Aim of the task:
Except for the pictures, write out all the records that follow exactly.

Referring expression grounding data:
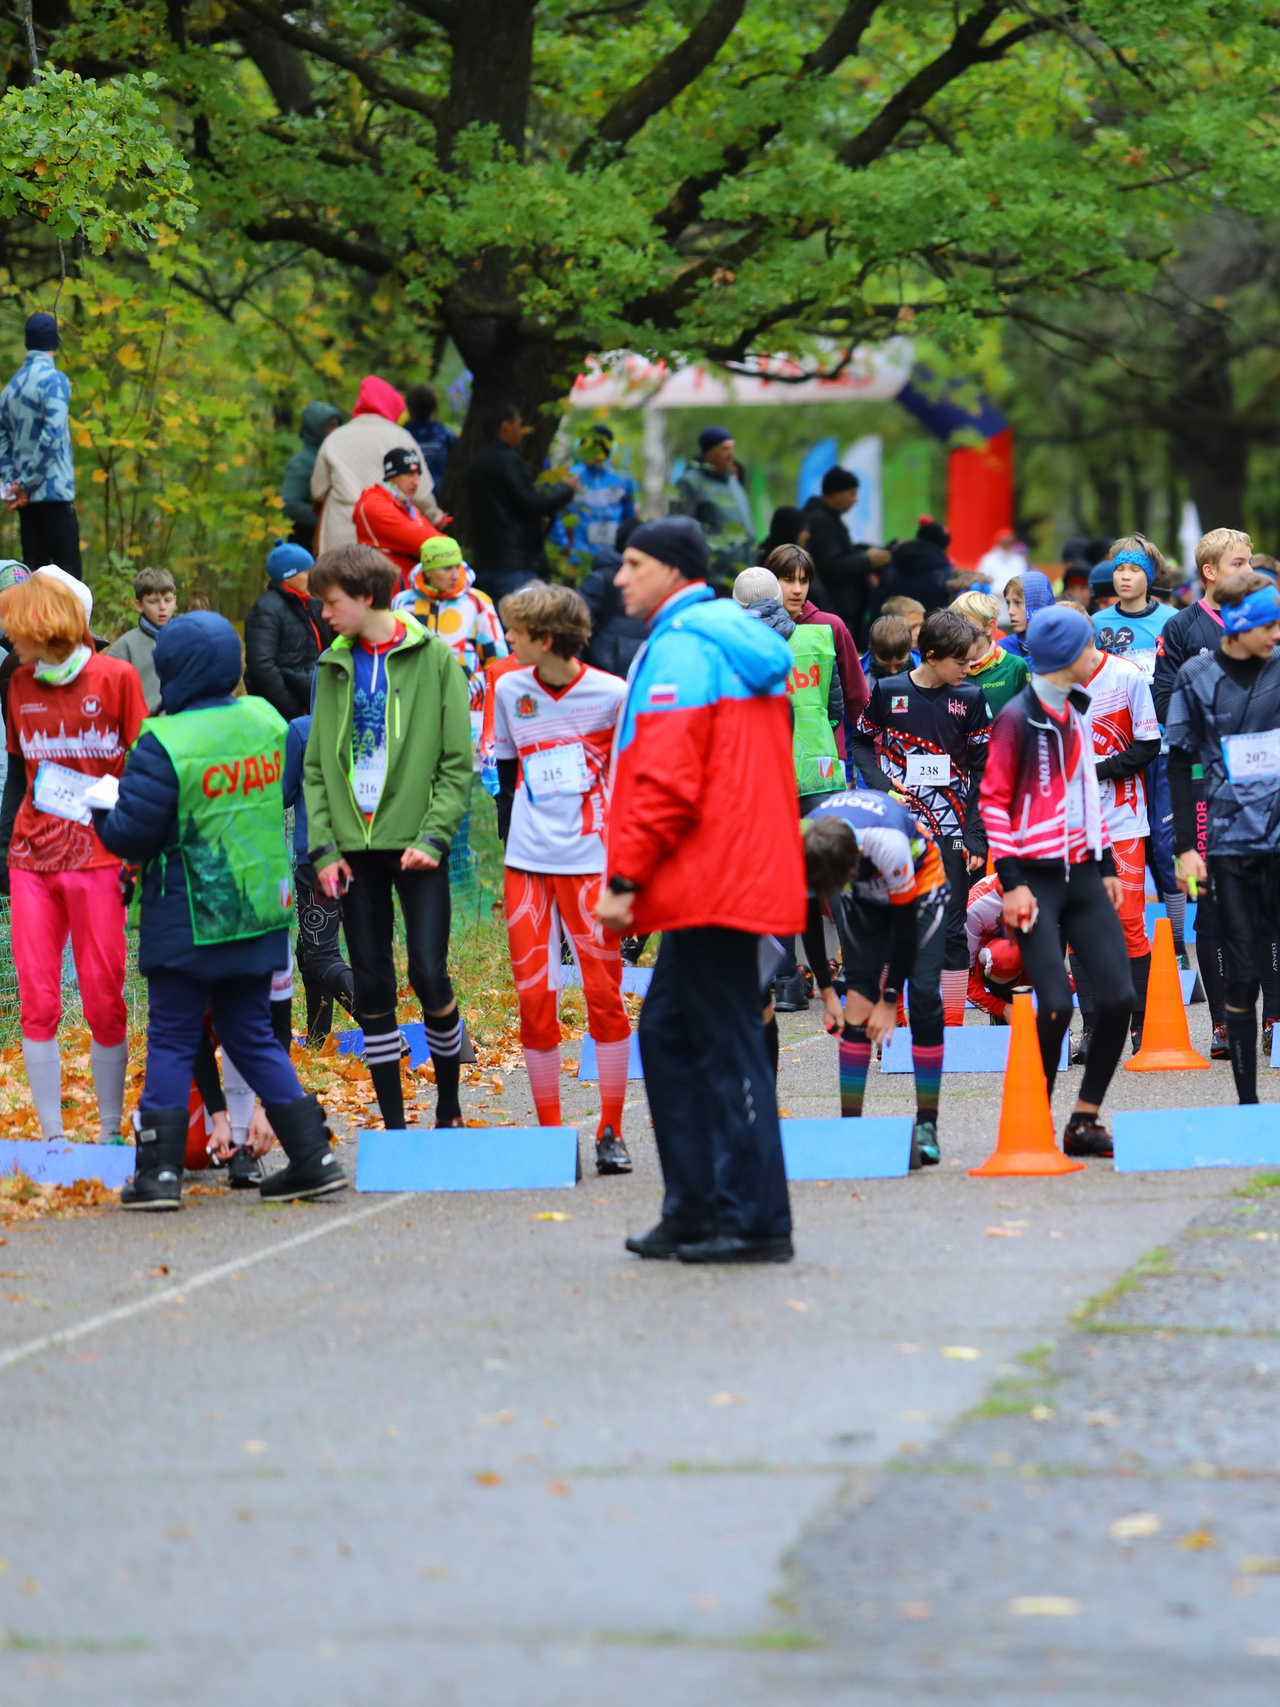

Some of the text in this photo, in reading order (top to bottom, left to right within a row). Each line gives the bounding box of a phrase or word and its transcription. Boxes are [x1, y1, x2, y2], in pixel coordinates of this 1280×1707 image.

[1245, 751, 1268, 764] 207
[202, 750, 281, 799] СУДЬЯ
[542, 767, 563, 782] 215
[919, 765, 939, 776] 238
[359, 782, 377, 794] 216
[1195, 801, 1208, 866] АРАТОВ

Response area:
Some of the text in this photo, in reading order (top to bottom, left to right within a row). Each line gives the bounding box of a phrase or word and its transcription. Boxes are [x1, y1, x2, y2], in pixel coordinates of this 1280×1707 image.

[1245, 751, 1268, 764] 207
[202, 750, 281, 799] СУДЬЯ
[542, 767, 563, 782] 215
[919, 765, 939, 776] 238
[359, 782, 377, 794] 216
[1195, 801, 1208, 866] АРАТОВ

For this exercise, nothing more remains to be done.